ABOUT THIS TASK: Go through the listing that follows and write it out exactly. Drop the pictures.

MATERIAL SHOWN:
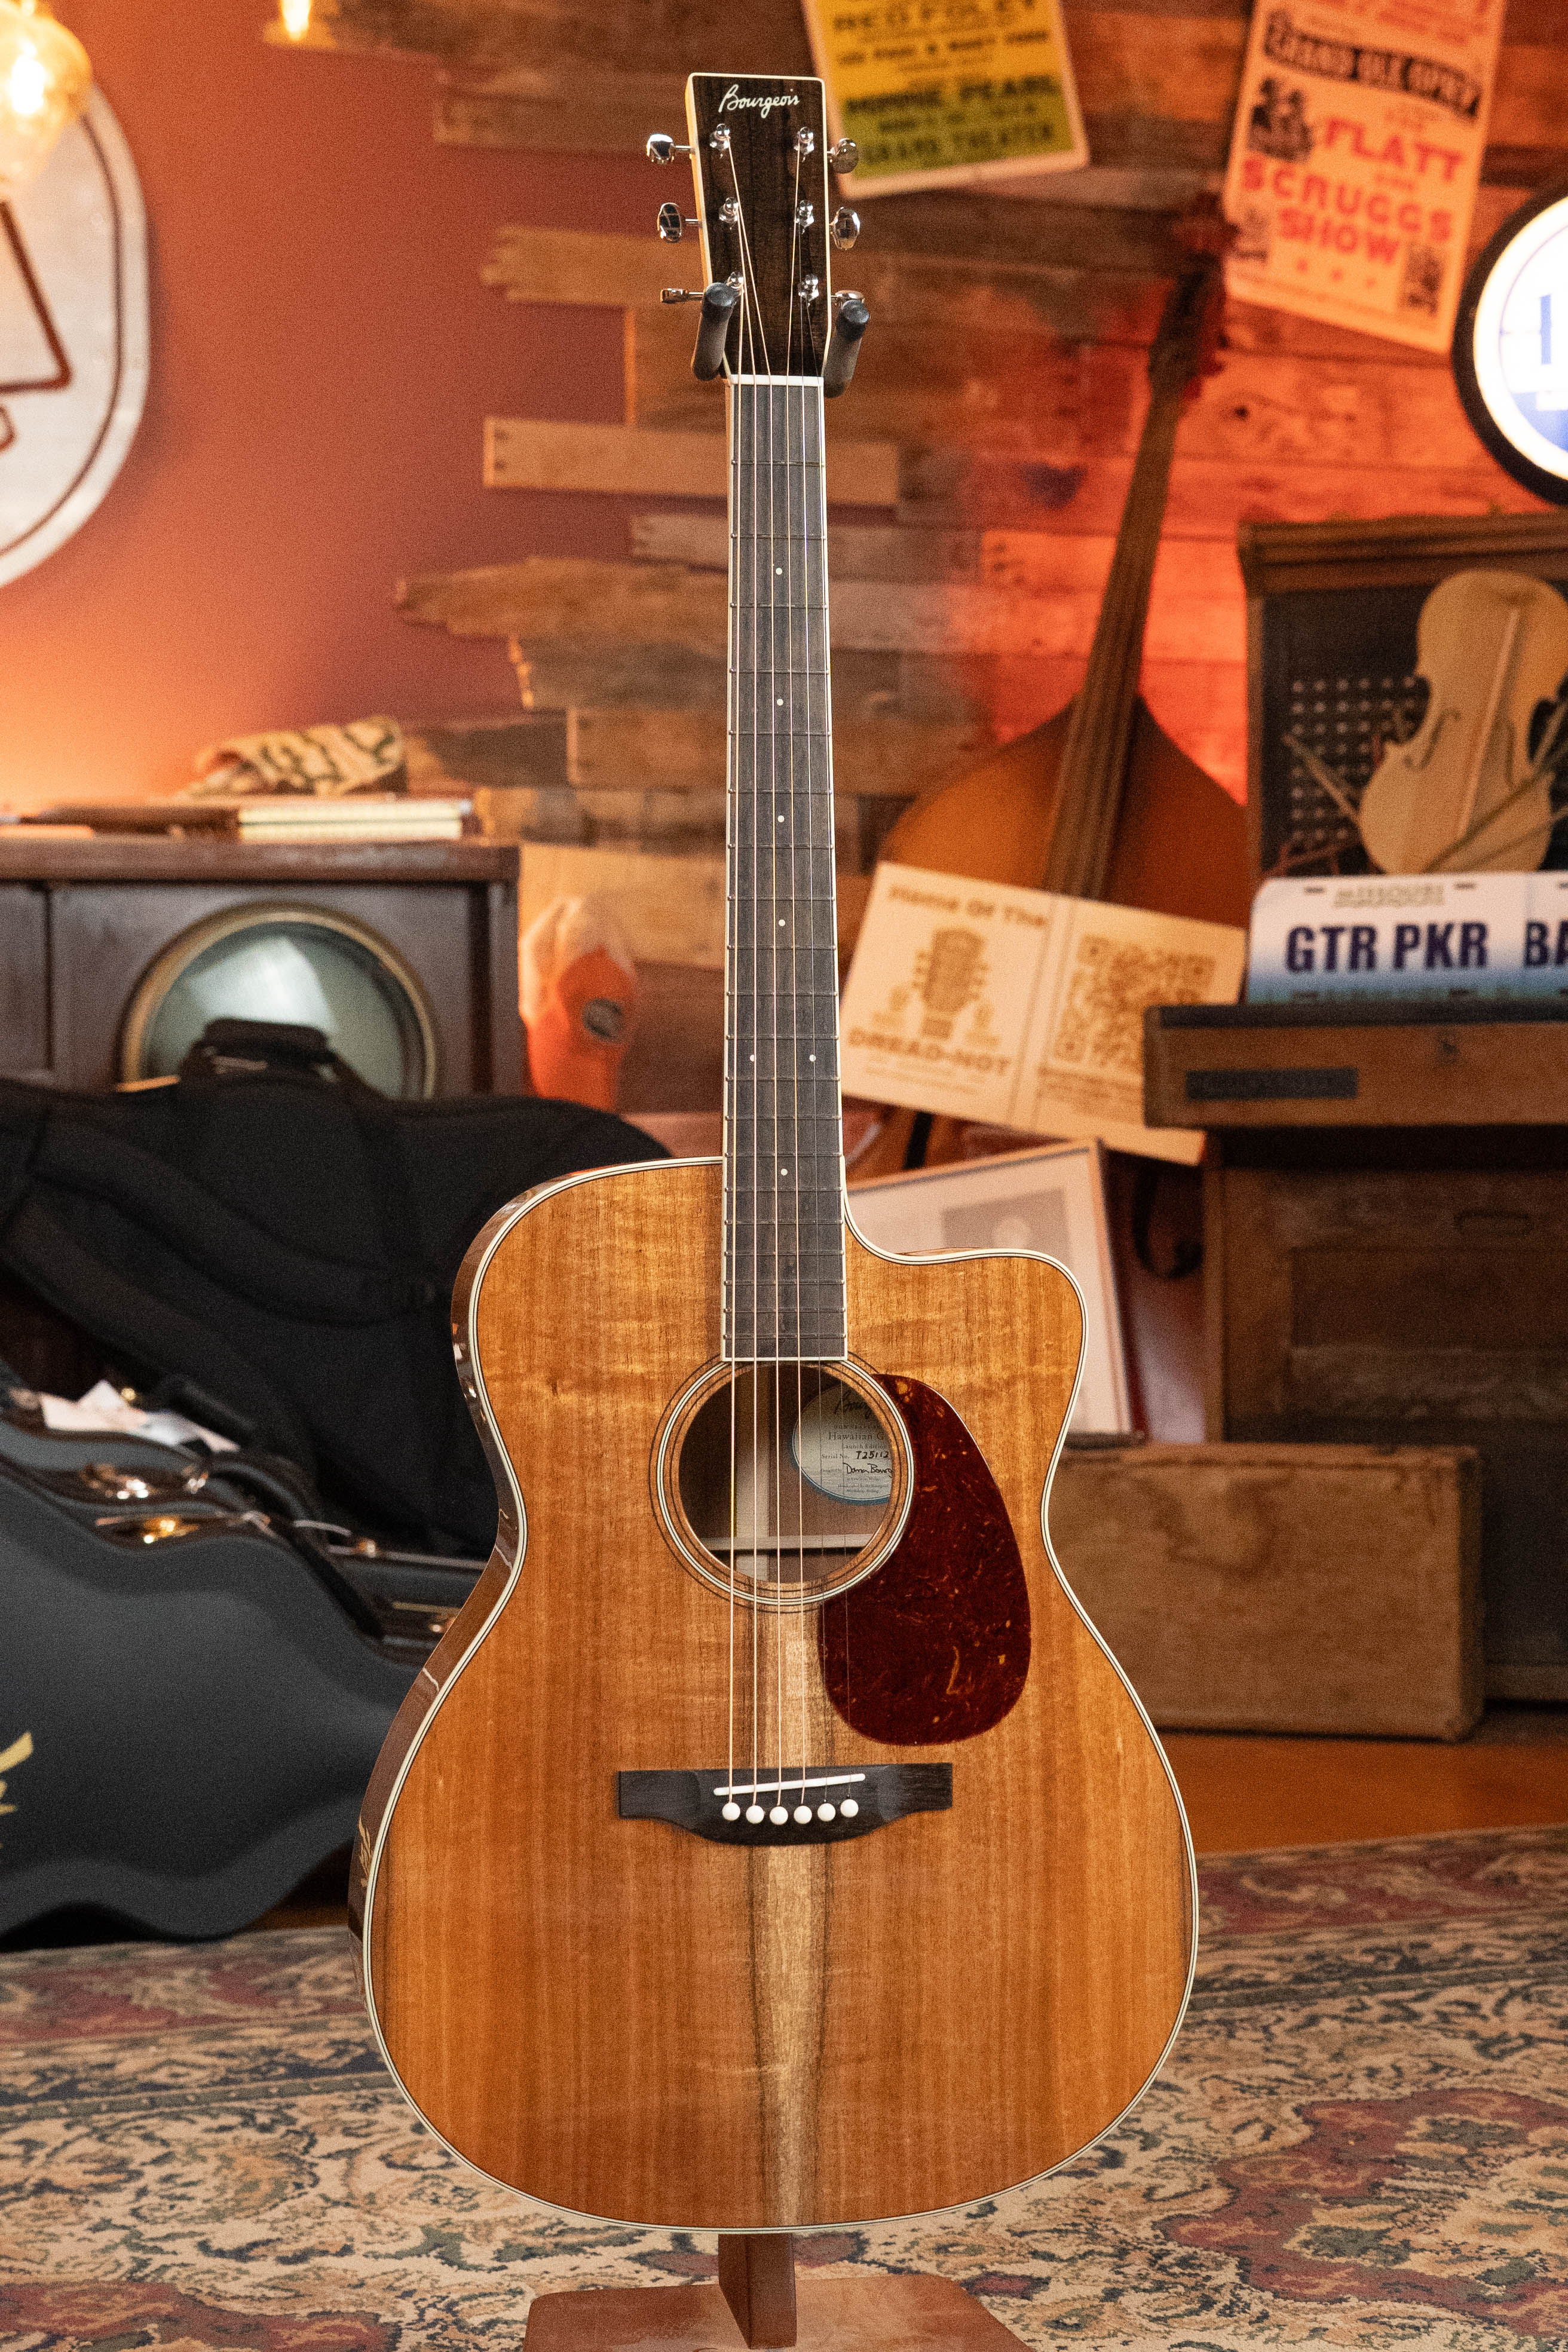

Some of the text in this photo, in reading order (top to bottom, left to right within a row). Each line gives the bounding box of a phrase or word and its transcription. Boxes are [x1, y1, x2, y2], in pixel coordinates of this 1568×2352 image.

[718, 84, 800, 118] Bourgeois
[1324, 117, 1465, 184] FLATT
[1241, 157, 1453, 243] SCRUGGS
[1278, 207, 1401, 266] SHOW
[1286, 921, 1489, 973] GTR PKR

RESULT OF THE EXERCISE:
Some of the text in this photo, in reading order (top to bottom, left to right within a row). Each line gives the bounding box of a phrase or word and its transcription. Boxes are [x1, y1, x2, y2], in pixel coordinates of this 1568×2352 image.

[718, 84, 800, 118] Bourgeois
[1324, 117, 1465, 184] FLATT
[1241, 157, 1453, 243] SCRUGGS
[1278, 207, 1401, 266] SHOW
[1286, 921, 1489, 973] GTR PKR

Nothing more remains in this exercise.